→ **EXERCISE GOAL**
Please return all of the entries below exactly as they are written.

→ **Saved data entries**

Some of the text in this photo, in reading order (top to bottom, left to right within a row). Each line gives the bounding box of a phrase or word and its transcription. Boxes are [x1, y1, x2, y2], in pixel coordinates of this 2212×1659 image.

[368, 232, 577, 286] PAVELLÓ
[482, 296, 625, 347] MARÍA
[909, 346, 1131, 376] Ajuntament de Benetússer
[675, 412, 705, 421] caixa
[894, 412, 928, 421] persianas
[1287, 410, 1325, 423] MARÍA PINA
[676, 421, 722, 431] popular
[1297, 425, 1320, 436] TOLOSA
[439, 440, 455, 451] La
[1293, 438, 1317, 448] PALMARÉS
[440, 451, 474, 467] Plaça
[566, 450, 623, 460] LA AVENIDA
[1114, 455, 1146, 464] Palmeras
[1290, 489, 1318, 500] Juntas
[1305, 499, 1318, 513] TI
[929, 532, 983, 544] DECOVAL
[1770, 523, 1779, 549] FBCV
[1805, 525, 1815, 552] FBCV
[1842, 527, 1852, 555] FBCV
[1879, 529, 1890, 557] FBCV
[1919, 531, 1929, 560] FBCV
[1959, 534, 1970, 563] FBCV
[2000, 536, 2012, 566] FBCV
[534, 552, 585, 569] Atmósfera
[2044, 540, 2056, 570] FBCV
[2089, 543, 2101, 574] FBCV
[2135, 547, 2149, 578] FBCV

→ **REPLY**
Some of the text in this photo, in reading order (top to bottom, left to right within a row). Each line gives the bounding box of a phrase or word and its transcription. Boxes are [x1, y1, x2, y2], in pixel coordinates of this 2212×1659 image.

[368, 232, 577, 286] PAVELLÓ
[482, 296, 625, 347] MARÍA
[909, 346, 1131, 376] Ajuntament de Benetússer
[675, 412, 705, 421] caixa
[894, 412, 928, 421] persianas
[1287, 410, 1325, 423] MARÍA PINA
[676, 421, 722, 431] popular
[1297, 425, 1320, 436] TOLOSA
[439, 440, 455, 451] La
[1293, 438, 1317, 448] PALMARÉS
[440, 451, 474, 467] Plaça
[566, 450, 623, 460] LA AVENIDA
[1114, 455, 1146, 464] Palmeras
[1290, 489, 1318, 500] Juntas
[1305, 499, 1318, 513] TI
[929, 532, 983, 544] DECOVAL
[1770, 523, 1779, 549] FBCV
[1805, 525, 1815, 552] FBCV
[1842, 527, 1852, 555] FBCV
[1879, 529, 1890, 557] FBCV
[1919, 531, 1929, 560] FBCV
[1959, 534, 1970, 563] FBCV
[2000, 536, 2012, 566] FBCV
[534, 552, 585, 569] Atmósfera
[2044, 540, 2056, 570] FBCV
[2089, 543, 2101, 574] FBCV
[2135, 547, 2149, 578] FBCV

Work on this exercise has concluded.